*WHAT YOU SHOULD DO*. What you return should be only the lines starting at the one that contains "this 1920×1280 image." and running to the end of the listing, exactly as written, minus any pictures.

DATA section start

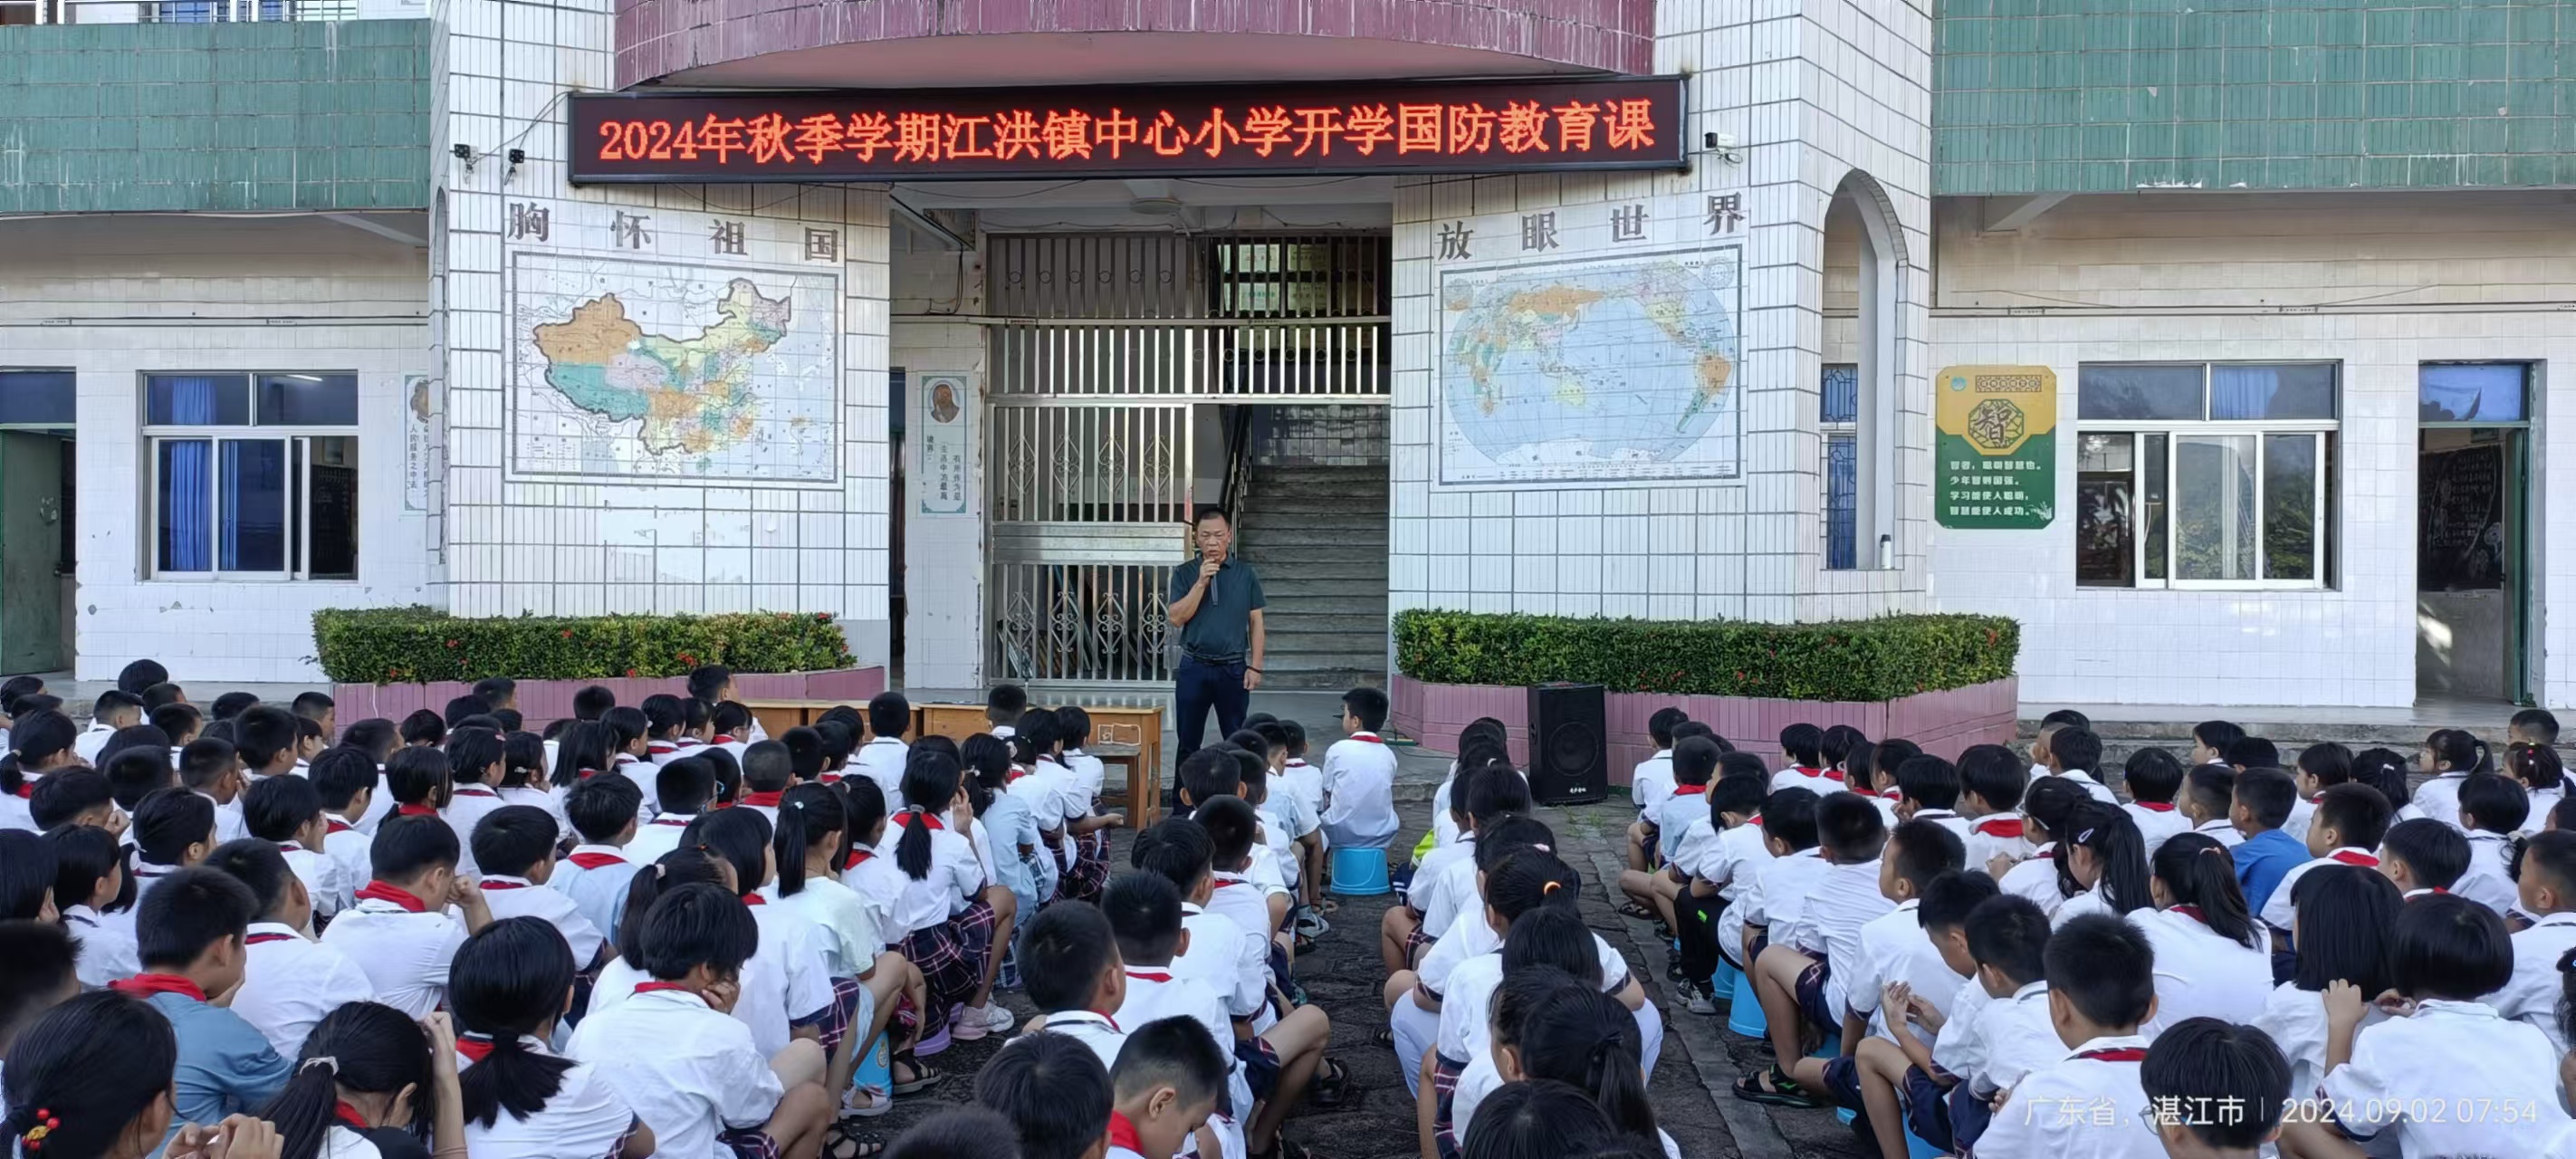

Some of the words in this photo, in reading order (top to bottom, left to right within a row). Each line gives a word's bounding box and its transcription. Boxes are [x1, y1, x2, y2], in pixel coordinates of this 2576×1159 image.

[599, 99, 1655, 164] 2024年秋季学期江洪镇中心小学开学国防教育课
[507, 201, 838, 263] 胸怀祖国
[1437, 192, 1745, 262] 放眼世界
[1973, 407, 2012, 444] 智
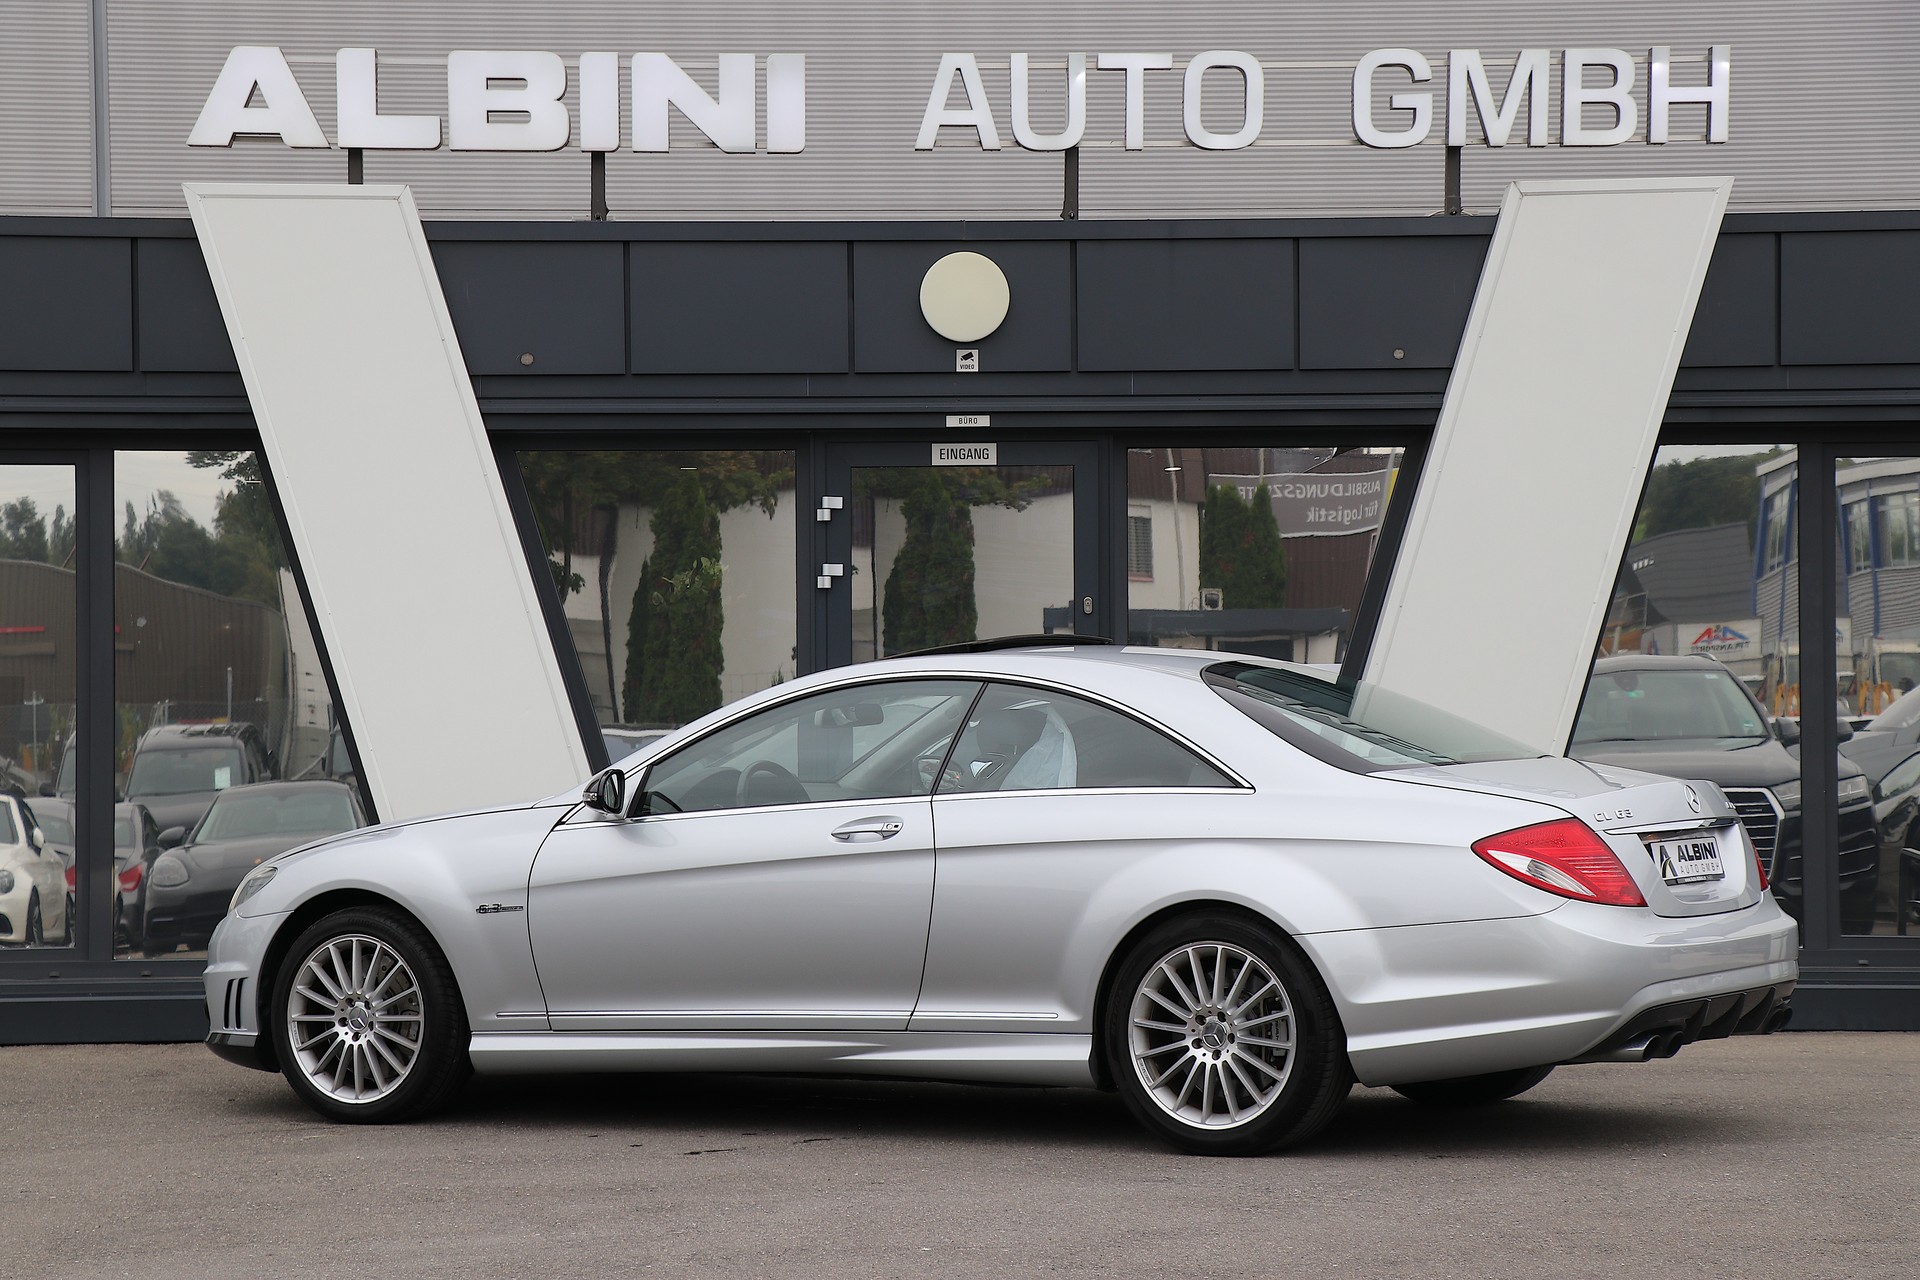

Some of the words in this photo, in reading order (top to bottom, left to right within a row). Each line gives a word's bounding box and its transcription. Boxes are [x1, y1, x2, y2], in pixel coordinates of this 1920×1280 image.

[186, 45, 806, 154] ALBINI
[914, 49, 1265, 152] AUTO
[1351, 44, 1731, 149] GMBH
[958, 416, 978, 425] BÜRO
[939, 448, 990, 460] EINGANG
[1593, 812, 1612, 822] CL
[1614, 808, 1633, 819] 63
[1677, 842, 1717, 862] ALBINI
[1680, 864, 1699, 874] AUTO
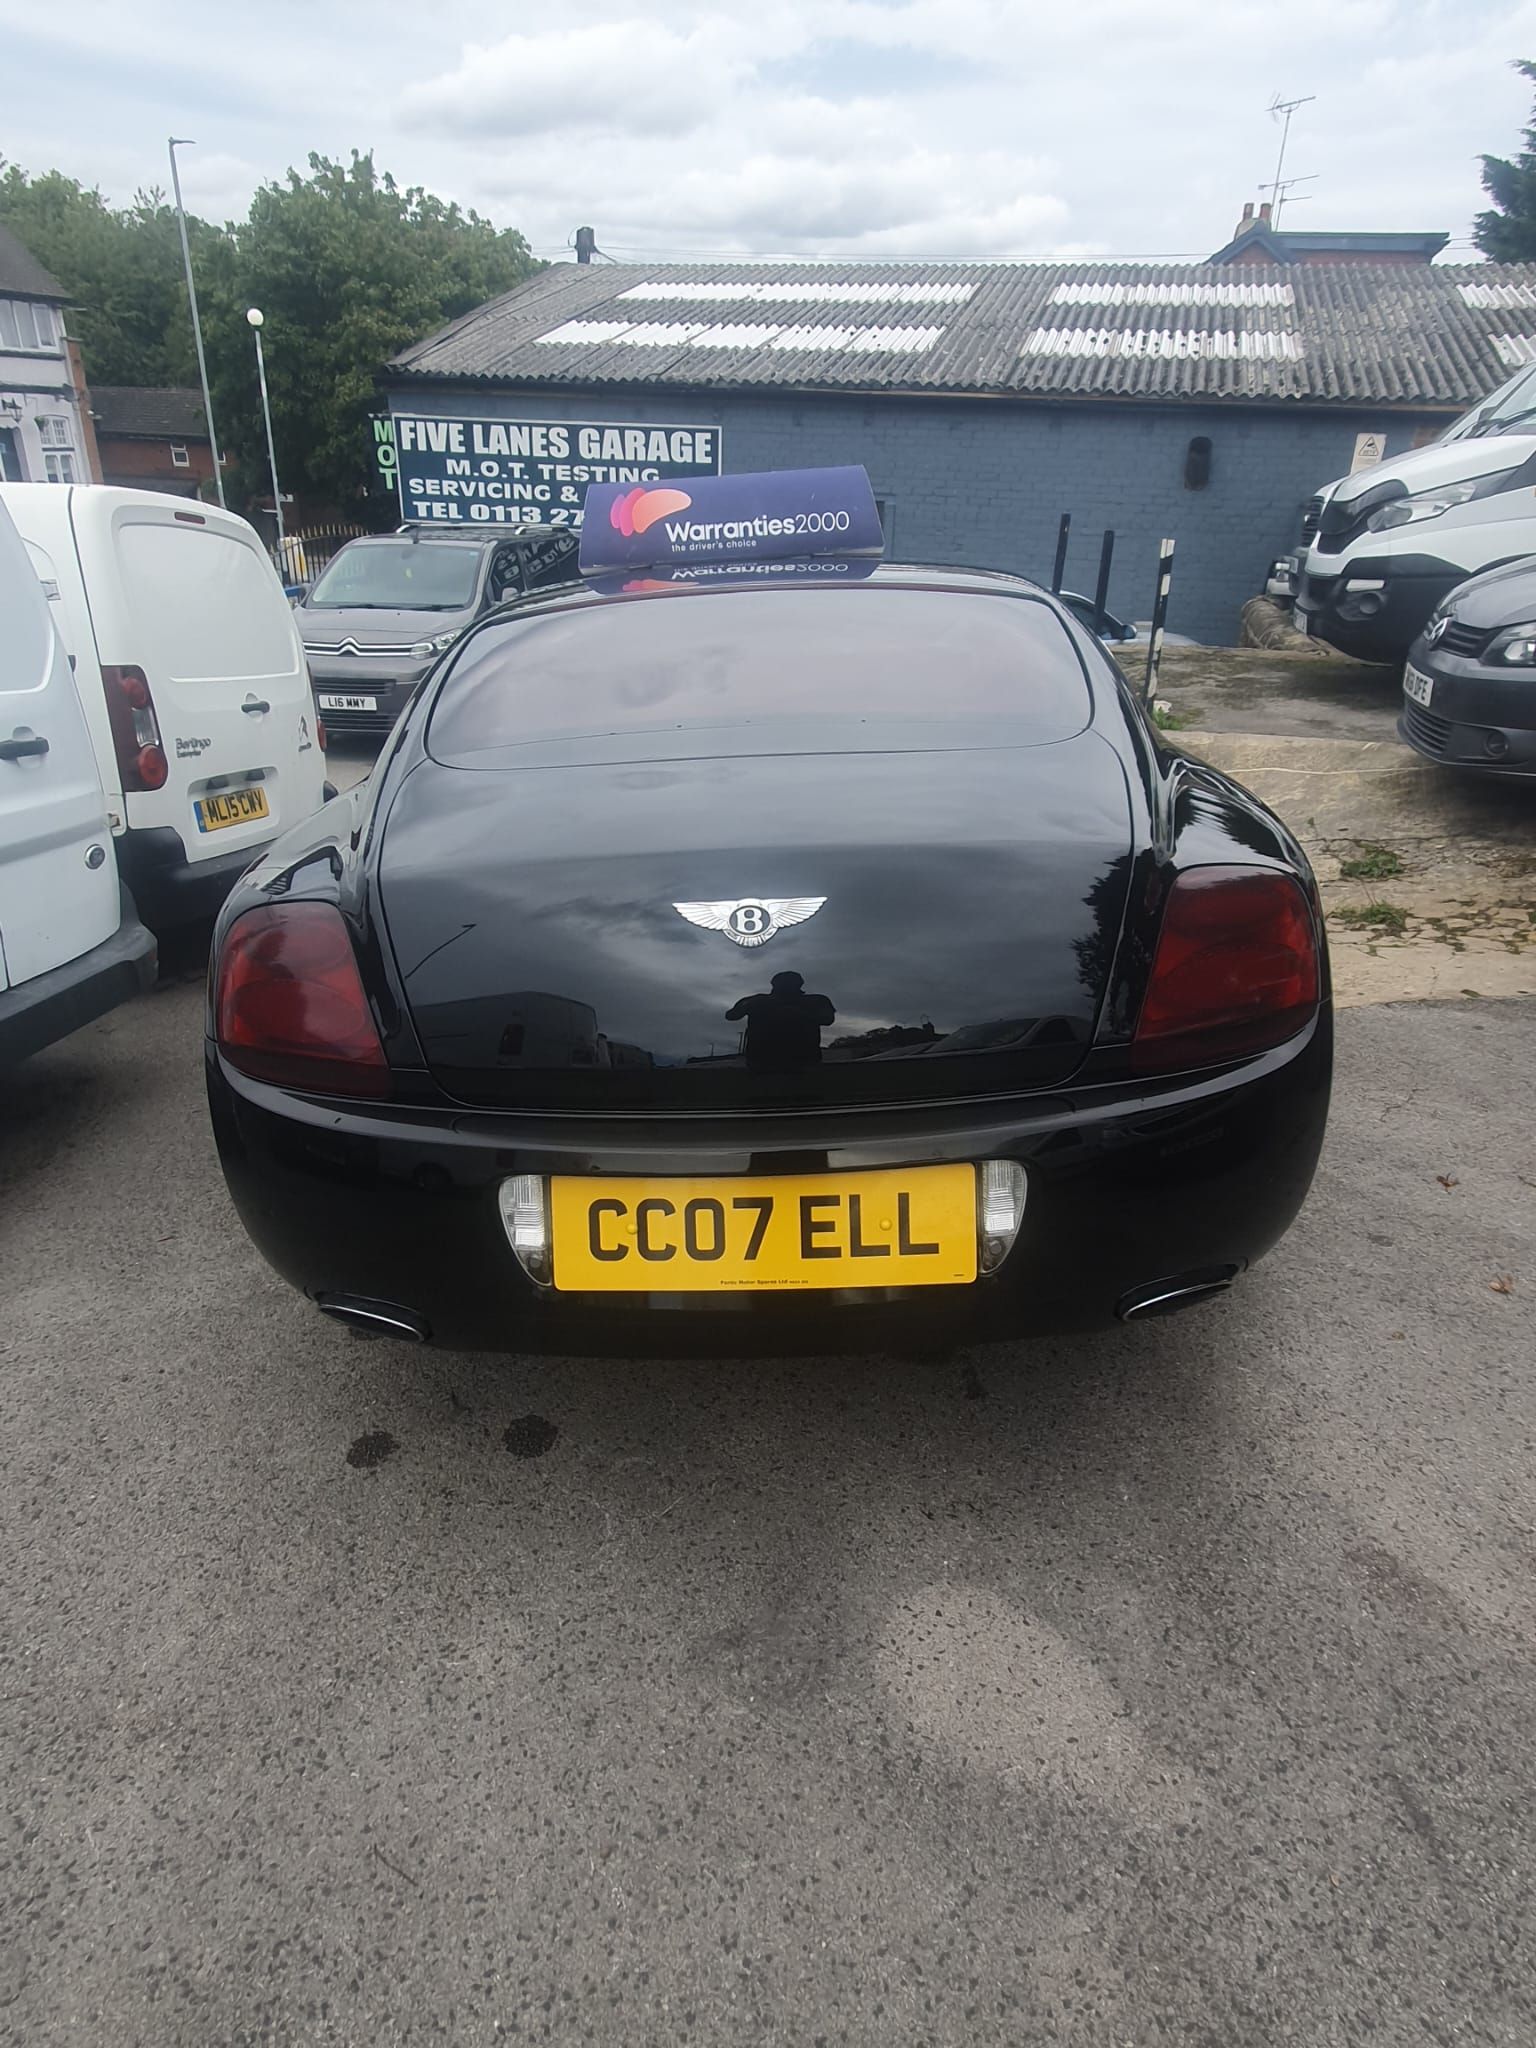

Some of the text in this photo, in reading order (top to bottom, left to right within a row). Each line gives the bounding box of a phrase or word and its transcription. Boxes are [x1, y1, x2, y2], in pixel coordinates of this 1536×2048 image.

DATA section end

*SOLUTION TO THIS PROBLEM*.
Some of the words in this photo, in reading order (top to bottom, left to right within a row). Each line gives a word's bounding box and its transcription. Boxes are [x1, y1, x2, y2], in pixel coordinates of this 1920×1280 image.

[186, 45, 806, 154] ALBINI
[914, 49, 1265, 152] AUTO
[1351, 44, 1731, 149] GMBH
[958, 416, 978, 425] BÜRO
[939, 448, 990, 460] EINGANG
[1593, 812, 1612, 822] CL
[1614, 808, 1633, 819] 63
[1677, 842, 1717, 862] ALBINI
[1680, 864, 1699, 874] AUTO

Some of the text in this photo, in reading order (top to bottom, left to right within a row). Each line gives the bounding box of a phrase or word and its transcription. Boxes are [x1, y1, x2, y2], in pixel coordinates of this 1536×2048 image.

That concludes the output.